The transfer portal changed the leverage. Schools with larger pockets filled needs fast, often pushing back on December or February high school signees who, a few years ago, would’ve been comfortable takes. That talent didn’t disappear. It redirected.
This is where the real shift happened.
Division II, Division III, and NAIA programs are now landing athletes who historically would have gone FCS, HBCU, or even Power 4. These aren’t developmental long shots. These are players with size, speed, academic profiles, and real football backgrounds, kids who were simply caught in the numbers game.

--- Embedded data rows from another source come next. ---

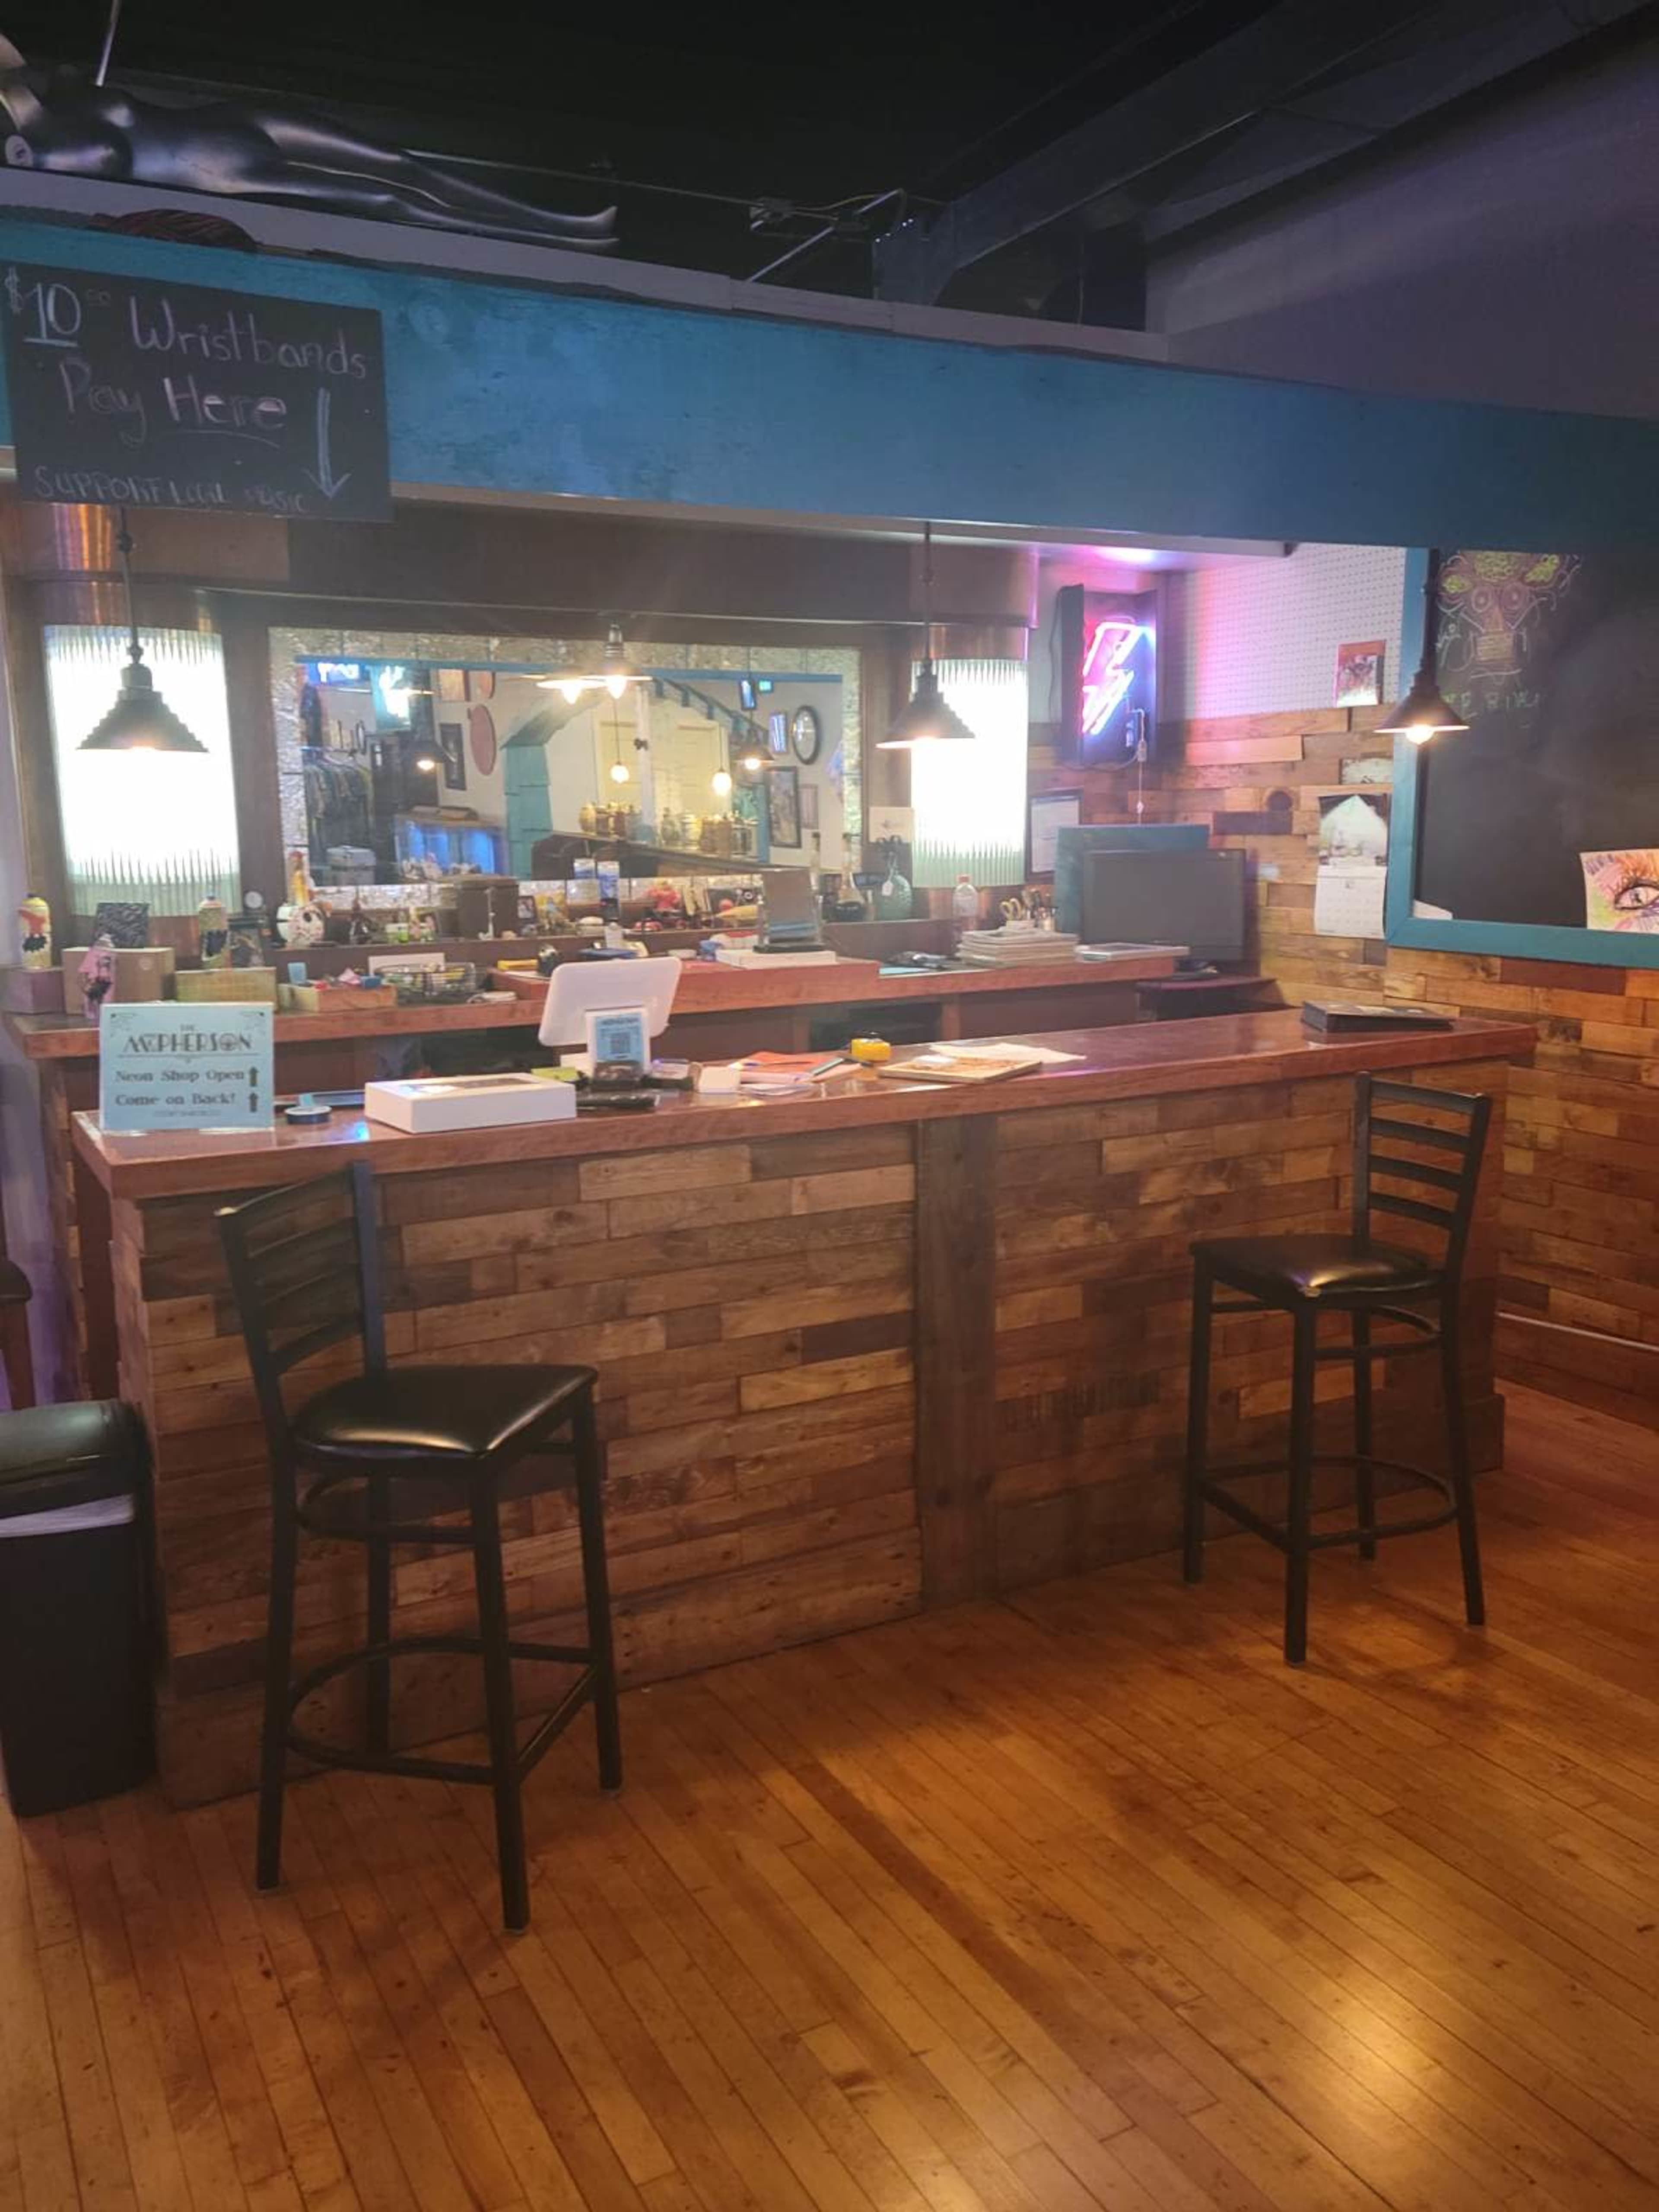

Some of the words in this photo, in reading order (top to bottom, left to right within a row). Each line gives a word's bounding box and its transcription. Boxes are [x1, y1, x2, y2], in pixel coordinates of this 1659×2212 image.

[130, 295, 367, 379] Wristbands
[59, 356, 147, 449] Pay
[162, 372, 288, 431] Here
[115, 1071, 154, 1082] Neon
[161, 1069, 200, 1084] Shop
[206, 1069, 245, 1083] Open
[116, 1094, 159, 1106] Come
[192, 1092, 236, 1105] Back!

The difference now is intention. Smaller schools aren’t just taking these players; they’re developing them quickly. And the athletes know exactly what they’re doing. They’re choosing immediate snaps, real coaching, and film over waiting in a portal line. One or two years later, many are moving up again, this time with proof instead of projection. That movement is no longer the exception. It’s becoming the plan.
The Feb. 4 class quietly reflected that reality. Programs at every level sign players who understand the ladder: dominate where you are, then climb. Coaches leaned into versatility, football IQ, and system fit. Athletes leaned into patience and development. It’s a smarter exchange on both sides.
Public rankings still lag because they were built for a different era, one where stars dictated destination, and the path was linear. Recruiting doesn’t work that way anymore. The most trusted evaluations now come from people who see the kid daily, not just once in a camp setting. That’s why coach-driven insight is carrying more weight than ever, even if it doesn’t show up immediately on ESPN graphics or The Athletic trend charts.
Feb. 4 wasn’t about leftovers. It was about leverage shifting downstream.
Smaller schools are no longer the end of the road for many athletes; they’re the proving ground. And as more players move from D2, D3, and NAIA to FCS, FBS, HBCU, and Power 4 programs within a year or two, the perception will catch up to the reality.
The game didn’t change overnight. The routes did.
And if you’re paying attention now, you can see exactly where college football recruiting is headed next.